Heart-Wrenching Heart Patient

Published April 25, 2013 9:42 AM by Anne-Marie Gitchel
I had my first jaw dropping patient last week. You know, working in cardiology, you see a lot of the same thing. Acute coronary syndrome, atrial fib, heart failure...Turn 'em and burn 'em, that's my motto. Thursday, I had my first patient that I was completely side-bombed over.

That day, an 86-year-old female presented to the ED for shortness of breath. She's admitted to the hospitalist service. Labs are drawn and the patient has a BNP of over 2000. She arrives to the floor and a cardiology consult is placed. I quickly make my way to the room to do the consult and when I initially begin to talk with the patient, everything seems to be "normal." Then the story unravels.

The patient has been diagnosed with diastolic heart failure for years. She's never had a true exacerbation. She saw her cardiologist in September for her annual follow up. At that time, the patient had generalized complaints of a minor increase in shortness of breath, but there were no medication changes instituted at that time.

In December, the patient was having more shortness of breath and also began to feel quite fatigued. Her husband had begun to notice some physical changes indicating she was retaining fluid. They decided at that time to see her primary care physician, who drew a complete blood count on the patient.

She was severely anemic with a hemoglobin of just over seven. Since there were no obvious signs of bleeding, he set the patient up for an upper and lower endoscopy. No GI consult; just set up the procedure. They both were insignificant so the physician ordered five transfusions over the next 4 weeks and then left it at that. No follow up on it.

Let's fast forward about 4 months and get back to me interviewing this patient and her husband. She is clearly uncomfortable while she is just lying in bed. They tell me that she's progressively become more swollen over the last 4 months but they don't know how much weight she's gained because they don't have a scale.

About 3 weeks ago, the patient became extremely fatigued and was requiring a moderate amount of assistance with her activities of daily living and for the last week, it was absolutely complete assistance with everything. She couldn't move at all.

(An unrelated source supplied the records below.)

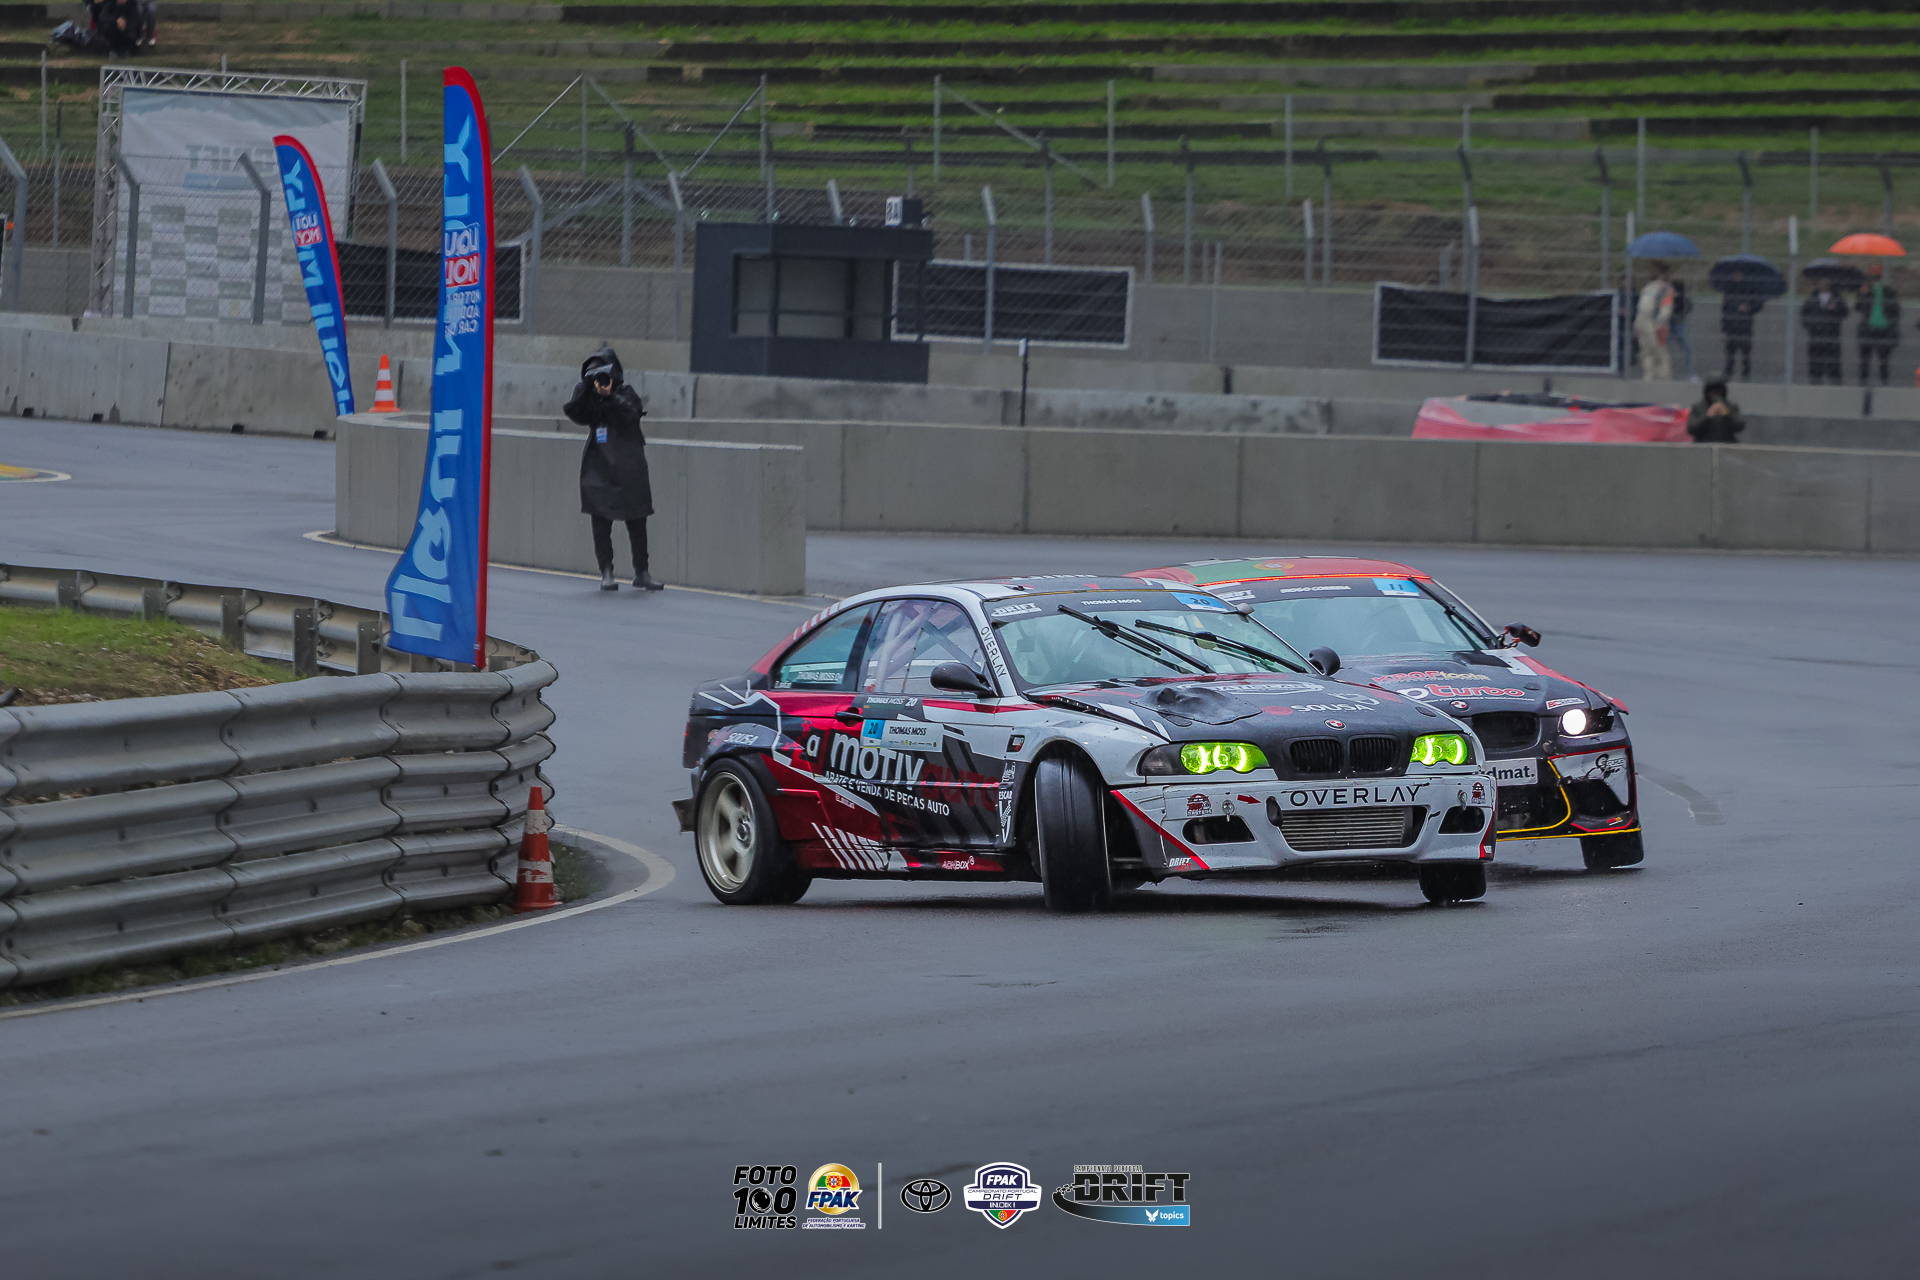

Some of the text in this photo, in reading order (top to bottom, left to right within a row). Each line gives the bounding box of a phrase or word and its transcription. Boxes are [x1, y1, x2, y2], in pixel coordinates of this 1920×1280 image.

[1189, 597, 1211, 606] 20
[980, 625, 1007, 678] OVERLAY
[905, 697, 919, 707] 20
[1290, 703, 1374, 712] SOUSA
[867, 722, 879, 735] 20
[889, 726, 928, 736] THOMAS MOSS
[723, 732, 759, 746] SOUSA
[806, 734, 821, 758] a
[855, 780, 882, 798] VENDA
[884, 788, 895, 802] DE
[927, 799, 950, 816] AUTO
[1289, 784, 1421, 807] OVERLAY
[1169, 857, 1192, 867] DRIFT

At this point, I've done my questioning of the patient and her husband and I was still thinking this wasn't too crazy of a case. And then comes my physical exam and where my jaw drops. I proceed with my cardiac exam and realize that there is 1+ pitting edema where I place my stethoscope on her chest to listen to her heart sounds, and mind you, I'm not pressing hard at all.

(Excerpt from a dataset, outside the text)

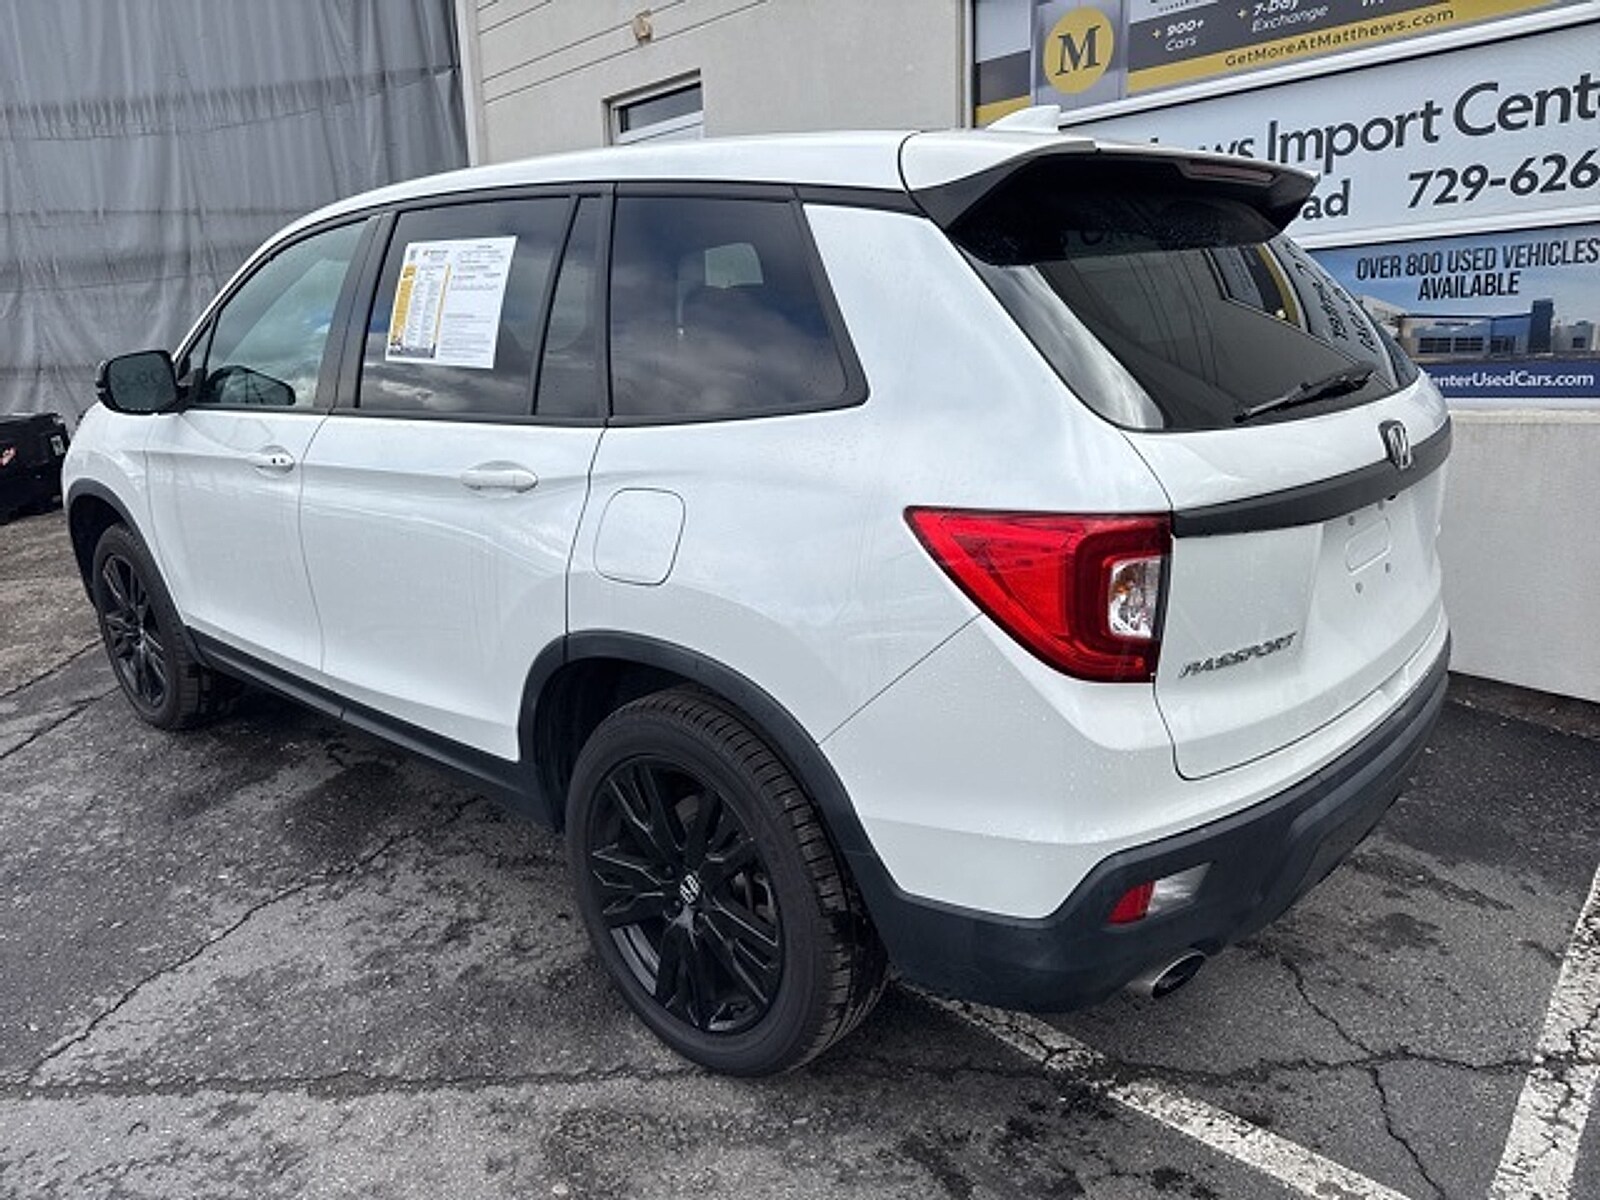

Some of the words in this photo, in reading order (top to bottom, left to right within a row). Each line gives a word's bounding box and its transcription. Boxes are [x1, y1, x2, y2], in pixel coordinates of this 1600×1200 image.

I have her husband assist me in getting her rolled over because at this point, even just lifting her arms was a difficult movement for her. We finally get her rolled over and the poor patient had pitting 3+ edema to her scapula. This folks, is the perfect picture of, yes, anasarca. 

She had 3+ pitting edema down her entire body. I couldn't get pulses in her lower extremities. Her upper and lower extremities were cool to touch and had a decrease in sensation.

So after I finish my exam, I talk to the husband a little bit longer and then go to the dictation room with chart in hand. I managed to find her cardiology clinic chart and start delving. This patient has managed to have CHF for this long and has truly not had an exacerbation.

Please remember we live in Northern Michigan. There is a great percentage of our population that is not highly educated. Unfortunately, the socio-economic gap that exists has a huge impact on many of our patients truly understanding their diagnoses and the lifestyles changes that need to be enacted to ensure that they don't become exacerbated. And this patient is the prime example of that.

They were not able to tell me the first thing about heart failure. And this isn't at the fault of their outside providers. It's simply because they just couldn't wrap their heads around the information when it was given.

You know that form that you do as a floor nurse asking a patient what is the best way that they learn? You know. One of the many that you just click boxes without really even asking the patient. This is one of the most important questions that need to be asked. We need to know how to teach our patients, or, to pound it (for lack of a more appropriate term) into our patient's heads.

I went into her chart to assess what medical therapy she was on and what tests had thus far been ordered. I called the echo tech to find out the "unofficial" results of her echo and was informed that they were unable to do the test. They tried but the patient's excessive fluid level did not allow for the ultrasound to be able to visualize the cardiac structures appropriately. We had to wait.

The lasix drip had been going for a couple of hours (why the heck a lasix drip, I don't know; don't get me started on that) and so now we were at that time that I like to phrase "hurry up and wait." (Military background. Can't help it.) So I made changes to her oral medications to ensure she was on the most appropriate therapy for her heart failure, which is much more detailed than I remember when I worked in a cardiac stepdown unit.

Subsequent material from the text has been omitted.